PrinceDaddy Posted April 25, 2016 Report Posted April 25, 2016 A man who would do so low a thing as to dump his little via text is no daddy at all, at least have the decency to tell her face to face if that sad thing is to happen. I'm very sorry you went through this, but I believe that if you keep your mind occupied, you will soon find happiness again, whether that's with another, better daddy, or for yourself. Stay strong, OK?
littlelili Posted April 26, 2016 Report Posted April 26, 2016 He had no right to tell you to stop being a little! Maybe he should think to stop being a daddy because he is not acting like one at all!
PincessCaitlin Posted April 26, 2016 Report Posted April 26, 2016 He had no right to tell you to stop being a little! Maybe he should think to stop being a daddy because he is not acting like one at all! My ex told me not to be a little but only when I needed it, like when I'm scared and stuff... That was the final nail in the coffin. Plus he was a Dom. Not a daddy.
Guest BugBug Posted April 26, 2016 Report Posted April 26, 2016 Precisely! No one has the right to change you which is which was the final straw for me too but it is the shock that got me. Its scary to think you think you know someone and they will be there and next thing its over and you will never speak again. Massive shock!
Dragon Child Posted April 27, 2016 Report Posted April 27, 2016 A real man doesn't hurt the one he loves most. There's one special person out there for you who will treat you like the most precious of treasures ^u^
BabygirlElsie Posted April 27, 2016 Report Posted April 27, 2016 I'm sorry . That's the worst feeling ever. Especially when the person who does it to u is the center of your world and who you admire the most. I got very sick when mine left, I only ate applesauce for weeks but no matter what you have to try to take care of yourself . It gets easier but everyday it's hard and every day seems like u have nothing to look forward to or anyone who cares or understands. At least u can come on here and get support.
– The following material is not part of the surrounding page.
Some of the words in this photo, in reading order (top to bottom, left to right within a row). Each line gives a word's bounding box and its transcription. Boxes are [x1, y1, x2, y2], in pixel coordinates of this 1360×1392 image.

Mr. Grinch Posted April 27, 2016 Report Posted April 27, 2016 Daddy started being distant and letting me down alot. And then decided he didn't want a little girl anynore. He told me to pack all my toys up too! And then he dumped me by text! After 7mnths together this is how it ended. I am so much happier to be away from him obviously but my little which has always been confident has taken a serious knock. Ive been little sine I was 16 and now im 27 and feel totally lost...advice would be welcome right now. Bug Bug that's unfortunate however there is a happy side to this. He has been letting you down. That will no longer happen anymore. Time heals all wounds and soon you will find the daddy that wont let you down. Best of luck!
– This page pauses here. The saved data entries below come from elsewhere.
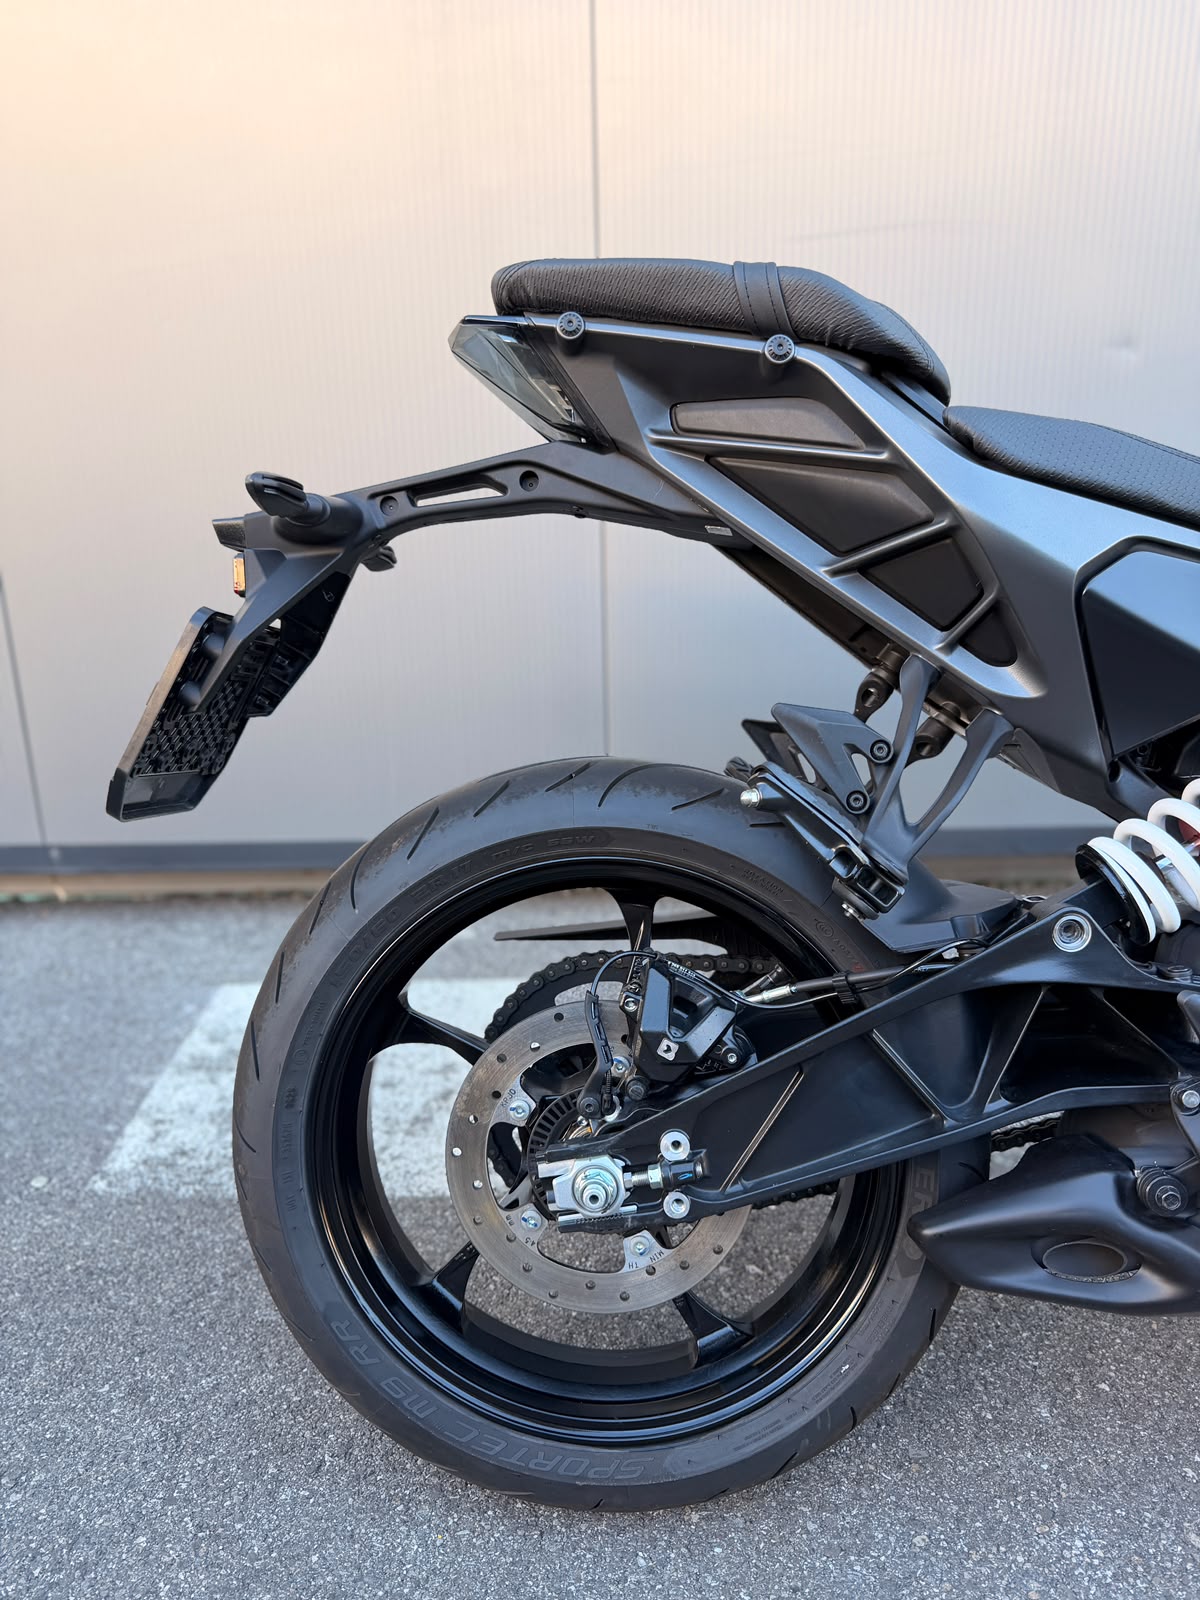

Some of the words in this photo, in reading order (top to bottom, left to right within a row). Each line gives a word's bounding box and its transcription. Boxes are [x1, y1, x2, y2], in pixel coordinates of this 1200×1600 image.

[627, 1260, 639, 1269] TH
[648, 1249, 665, 1263] MIN
[379, 1376, 438, 1419] M9
[445, 1421, 654, 1479] SPORTEC
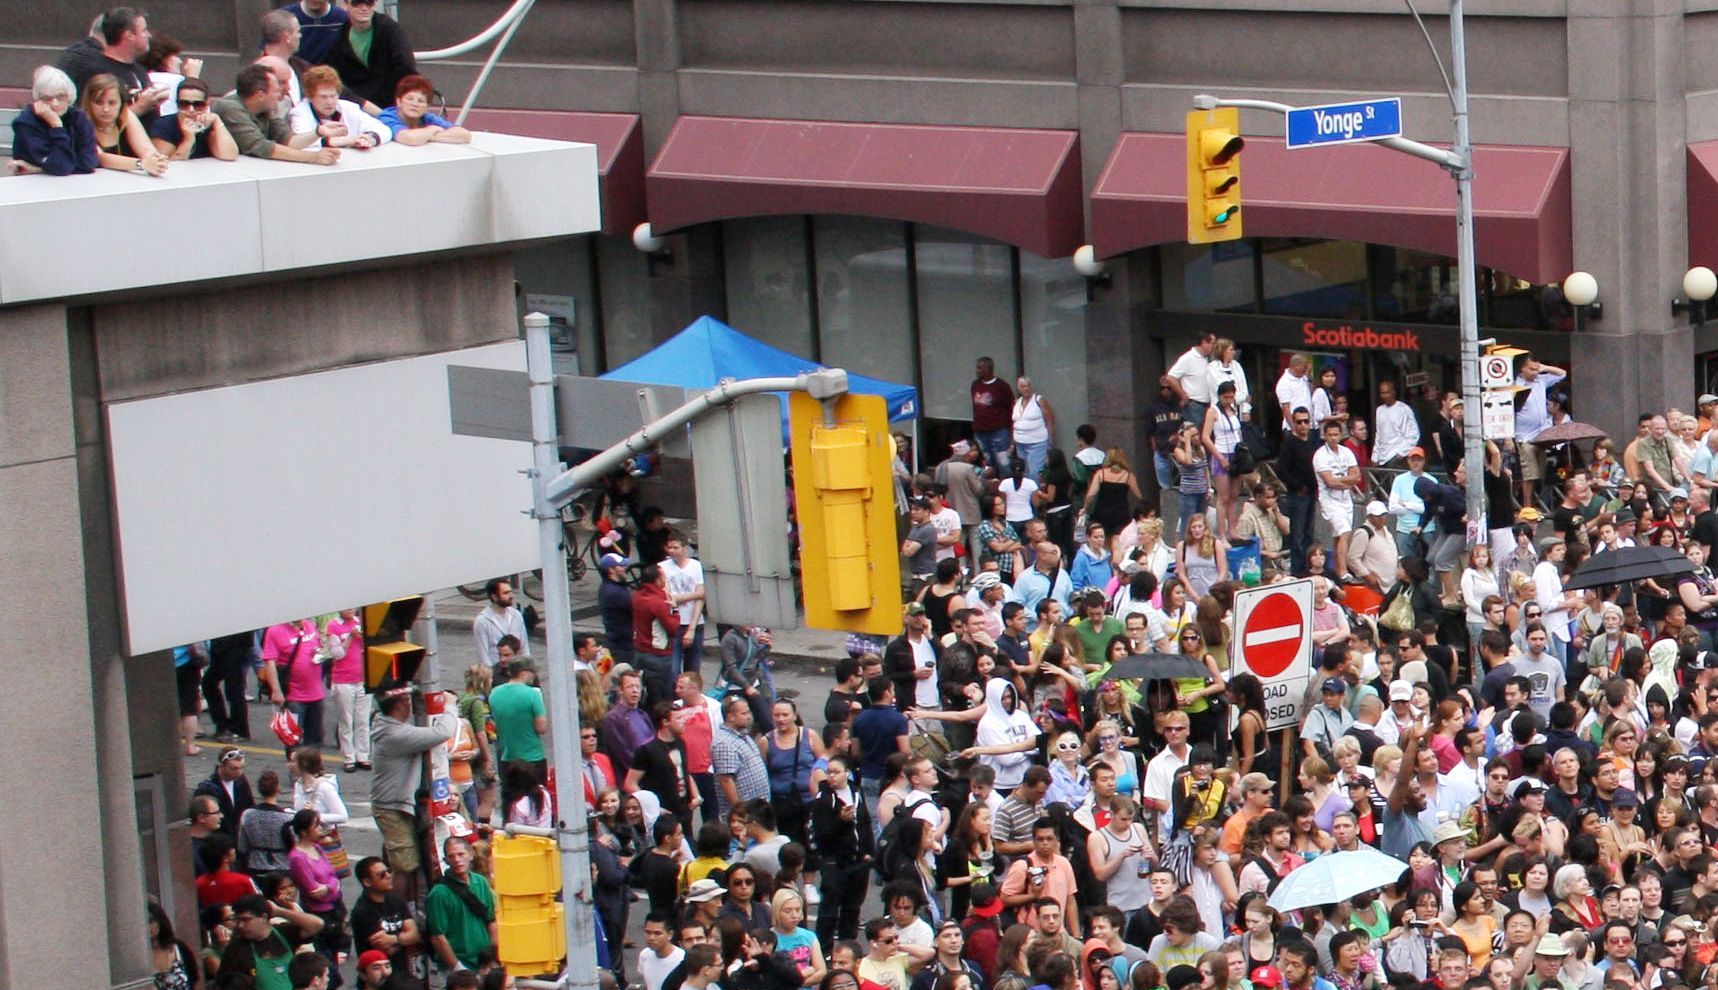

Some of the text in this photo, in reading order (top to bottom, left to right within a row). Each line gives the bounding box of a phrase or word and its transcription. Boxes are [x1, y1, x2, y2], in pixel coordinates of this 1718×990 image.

[1314, 106, 1375, 138] Yonge St
[1303, 322, 1419, 350] Scotiabank
[1262, 684, 1288, 701] OAD
[1263, 703, 1295, 720] OSED
dd.simon.4lg Posted April 30, 2016 Report Posted April 30, 2016 Ya know. U shouldn't let it rock your confidence. If he was letting u down n dumped u by text he us the only one losing out
Guest BugBug Posted April 30, 2016 Report Posted April 30, 2016 It is true he is losing out however I do think its very normal to have your confidence shaken (especially when your little) by having someone who is meant to love you treat ypu in such a bad way and reject the very thing tbat males you you. It doesn take time and im on the mend it just isnt so easy to fix the little side when you have had it broken. But its one step at a time!